It might destroy your app in production. Just loading
the variables in the watch can cause unforeseen problems
in some cases, but this is the
absolute worst. Say your
app has a place where it takes user credentials
for login, maybe a third party library
you use does that. You can
still place a breakpoint there and
steal user login details.
Worse, you can elevate the permissions
of your own user account because everything
is writable. Just set a value of a variable.
This goes against privacy laws and is very damn
likely 60% of security breaches in organizations
happen because of an employee. There's often a
misconception of security that targets the
outside world only. This just
isn't true. This isn't the
big picture though. These are all problems
that we would potentially have when
running one server or our own hardware
connected to the Internet. Kubernetes brings
scale, and with scale we have additional problems that
we don't normally face. People complain
about debugging, multiple threads do
that, while some of the threads are in
the other side of the world.
So this is a typical Kubernetes high level architecture
then. Our code as developers is this tiny
area that isn't even covered by kubernetes.
We have this huge infrastructure to run our code,
but once it's running somewhere, and by somewhere I mean
literally I have no idea where,
then I'm on my own. Kubernetes will help with running it
and guarantees, but it won't help me debug the code
and adds a lot of layers between me and my code.
Observabilit is the new debugging, which I hope
is pretty obvious to most of us. But it has
many pitfalls and many limitations when compared
to real debugging. The cost of observability
is one
of the things that we were just starting to understand.
Logs alone can be 30% or more
of your total cloud spend. That's absolutely insane.
The cloud was supposed to reduce costs.
Instead the reverse is true. The most problematic
aspect is that most of the observability technology will work with
is geared towards ops and less towards r
and D. It might say that a particular endpoint is experiencing
issue, but it won't point at
a line of code or give us the means
to debug it. If we have a bug lock,
a specific user that sees wrong
information, that's common and can
happen because of problematic flushing of caches,
how do we debug something like that?
We need to create observability dashboards
to the r and D team, involvement in
the day to day observability tasks is a must.

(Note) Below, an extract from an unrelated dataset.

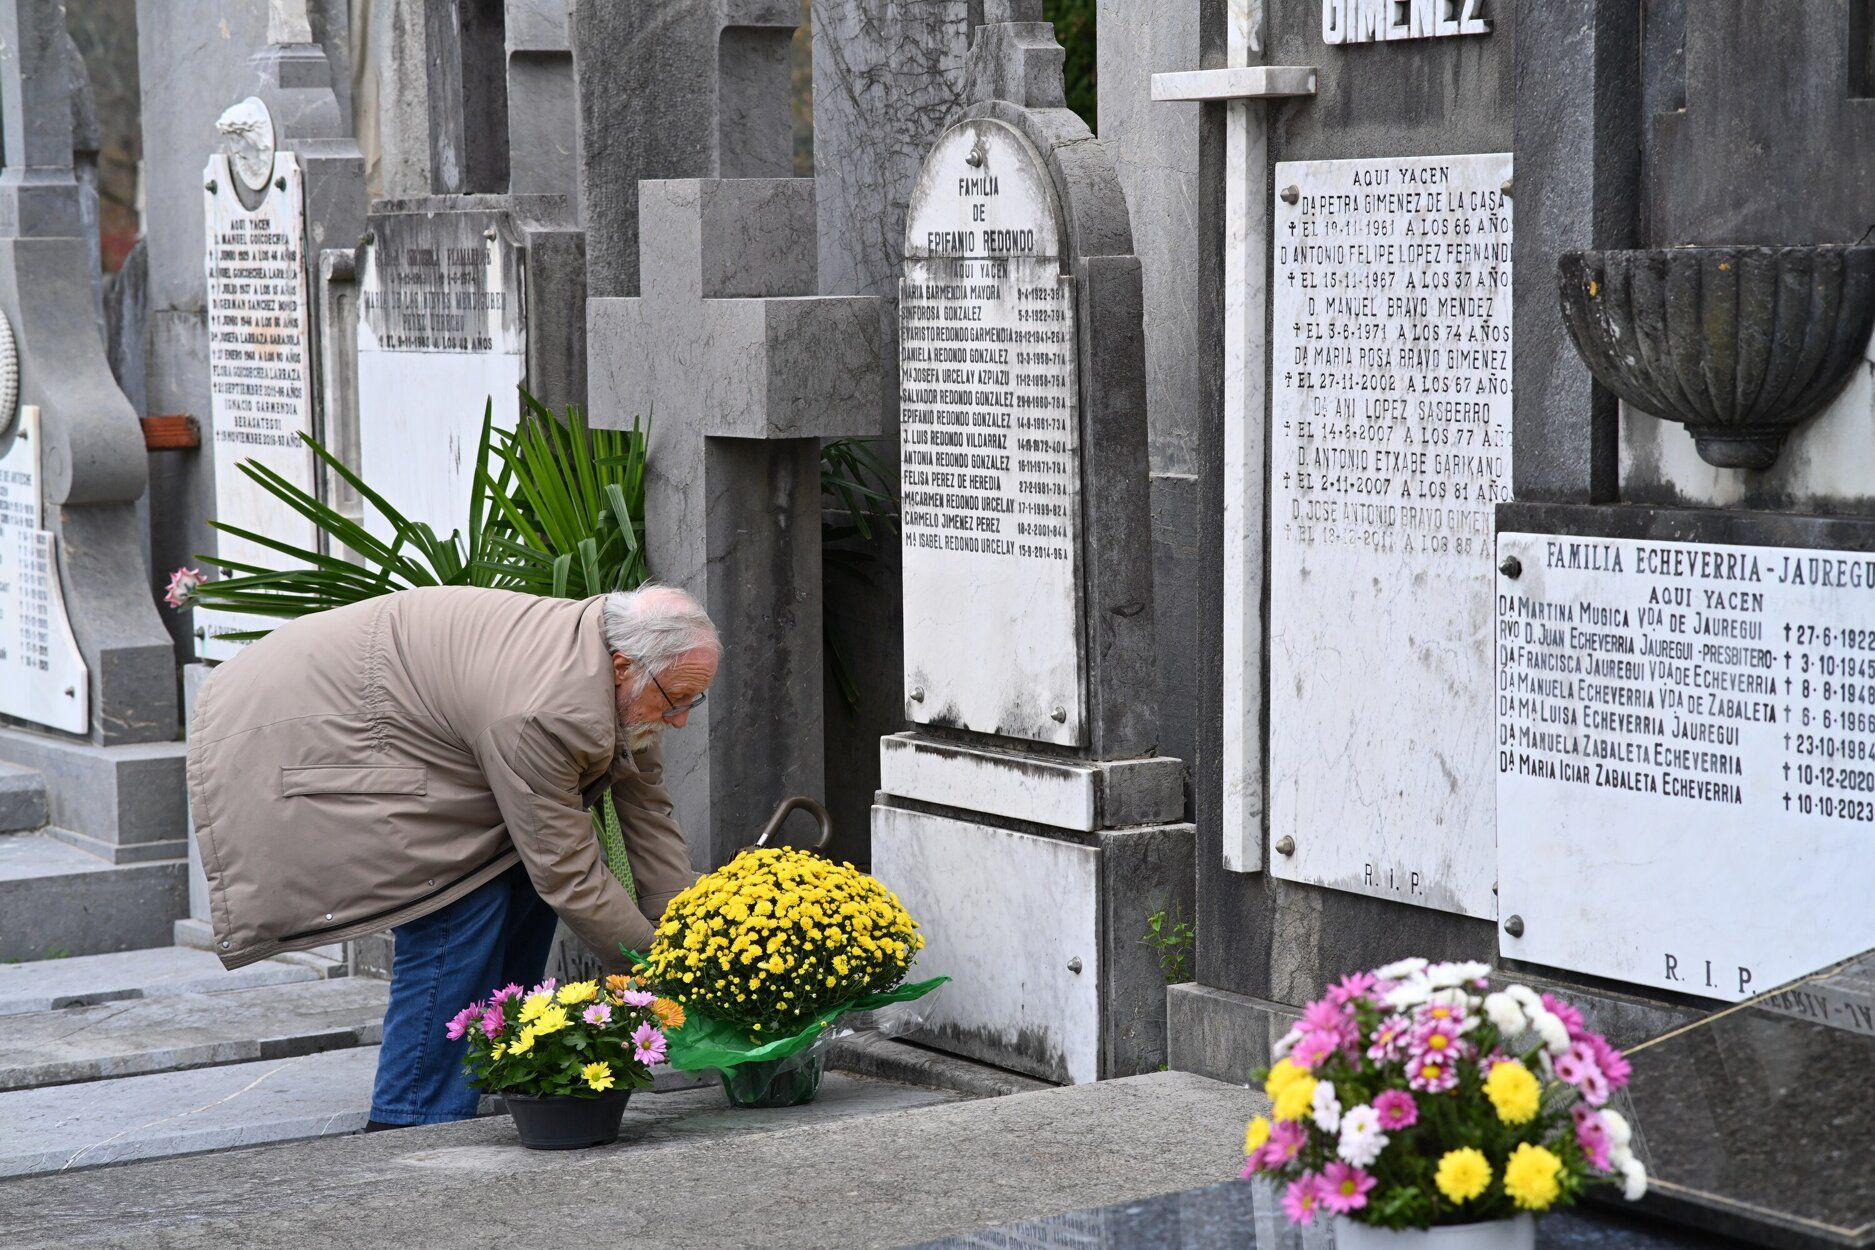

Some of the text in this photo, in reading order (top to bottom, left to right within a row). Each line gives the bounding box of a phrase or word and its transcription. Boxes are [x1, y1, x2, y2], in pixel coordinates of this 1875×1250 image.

Reading production logs shouldn't be segregated to
a separate team. I'm not saying that SRE
shouldn't exist. I'm saying that we need vertical teams
where the SRE is embedded within them.
We should shift in both directions and have a
wider scope of responsibilities to qualify
to quality and production.
Debugging shouldn't stop at the boundaries of
the CI process. Developer observability
stands for a new generation of tools geared
to bring observability changes to the developer community.
What makes them different is that they
offer source based solutions. That means we
work with developer terminologies like
line numbers and source code.
I'll demonstrate light run because I'm familiar with that,
but there are other tools in the market. I used to work for Lightran
and wrote a lot of what you'll see, but I no longer
work for them. There are plenty of other solutions in the market with
different degrees of functionality. I didn't compare them because it would
be futile. The market changes too quickly.

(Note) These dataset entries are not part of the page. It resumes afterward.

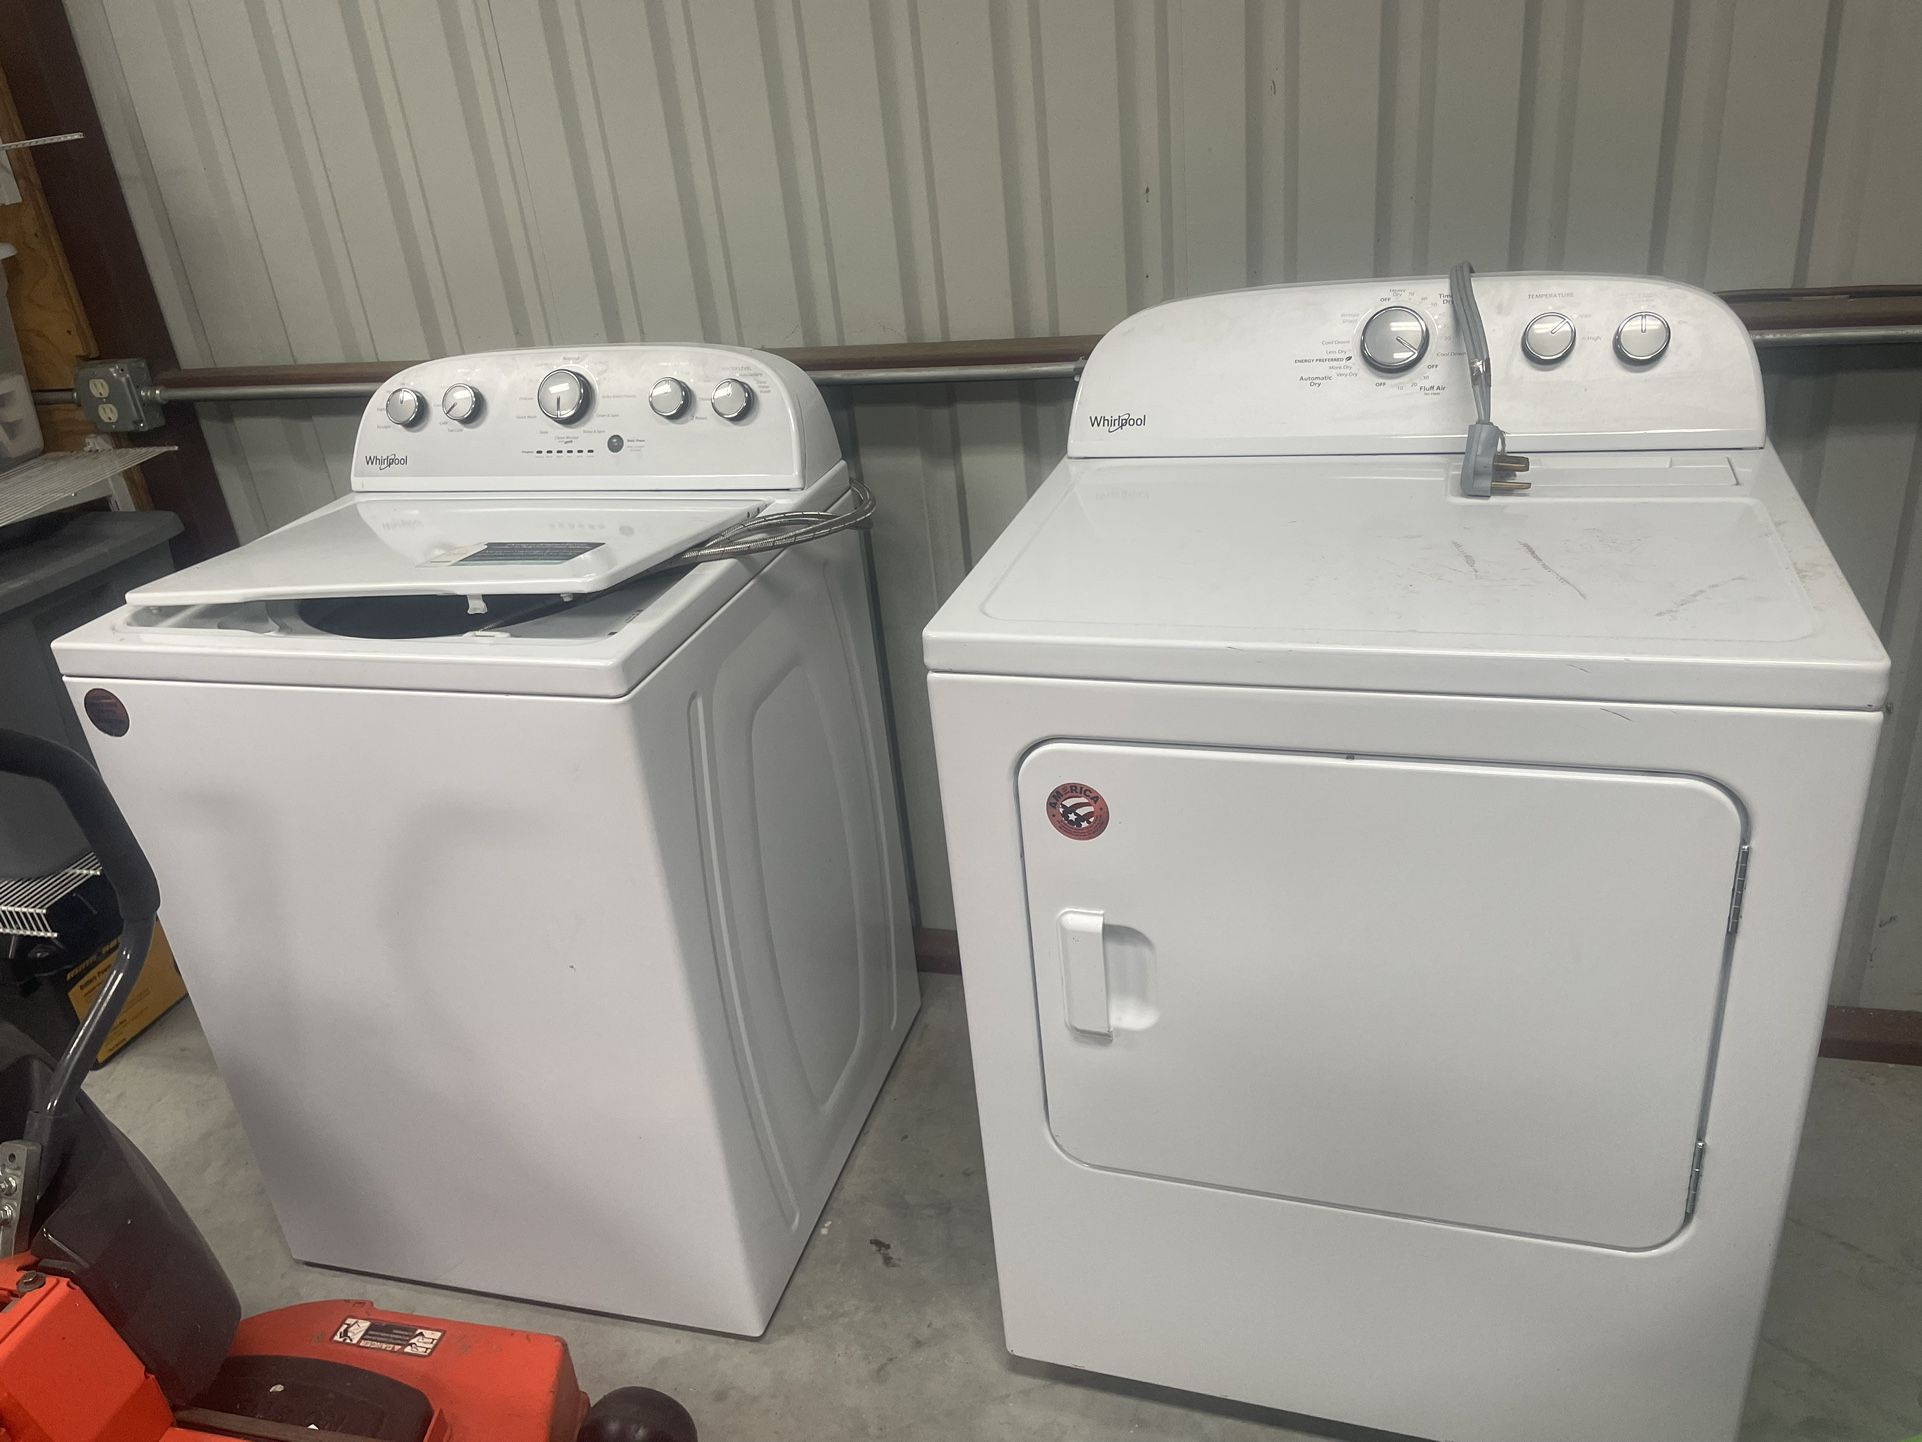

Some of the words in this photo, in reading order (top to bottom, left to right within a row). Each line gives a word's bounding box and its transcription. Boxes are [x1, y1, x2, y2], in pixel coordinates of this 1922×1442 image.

[1419, 384, 1435, 392] Fluff
[1435, 384, 1446, 392] Air
[1089, 412, 1147, 433] Whirlpool
[365, 453, 408, 470] Whirlpool
[1049, 785, 1100, 809] AMERICA

I hope you'll get a sense of what's possible thanks to this
demo. On the left side is intellij
idea, which is my favorite IDE. Some developer observability
tools integrate directly into the IDE, which is convenient to
developers as that's where we spend
our time. Other tools have web based interfaces, et cetera.
On the right side I have an application that counts
the prime numbers running on a remote server. We can see
the console of that demo. The application doesn't
print any logs as it does the counting,
which makes it hard to debug if something didn't work
there. In the side of the ide we
can see the currently running agents
which are the server instances. We also see
the tags above them. Tags let us apply an action to
a group of server processes. If we have 1000 servers,
we can assign the tag production to 500
of them and then perform an operation on all 500
by performing it on a tag. A server can
have multiple tag designations such as East Coast,
Ubuntu 20, Green, et cetera. This effectively
solves the scale problem typical debuggers have.
We can apply observability operations to multiple servers.
Here I have only one tag and one server process because
this is a demo and I didn't want to crowd it.
Another important aspect to notice is the
fact that we don't see the actual server.
This all goes to management servers,
so production can be segregated behind a
firewall and I don't have
direct access to the physical production server. This is important.
We don't want R and D developers to have actual access
to production. I can see that a server process is running.
I can get some information about it, but I have no direct line to the
server. I can't ssh in and I can't change anything in
it. I can add a new log by right
clicking a line and adding it. I ask it
to log the value of variable I and
it will just print it to the application logs.
This will fit in order with the other
logs, so if I have a
log in the code, my added log will appear as
if it was written in the code next to it. They will get
ingested into services like elastics seamlessly,
or you can pipe them locally to the IDE. So this
plays very nicely with existing observability while
solving the fact that traditional observabilit isn't
dynamic enough. The tools complement each other,
they don't replace one another. Notice I can include complex
expressions like method, invocations, et cetera, but Lightran
enforces them all to be read only.
Some developers,
some developer observability tools do that while others don't,
but the thing I want to focus on is this.
Notice the log took too much cpu and Litran
pauses logging for a bit so it won't destroy the
server performance. Logs are restored automatically a
bit later when we're sure cpu isn't depleted.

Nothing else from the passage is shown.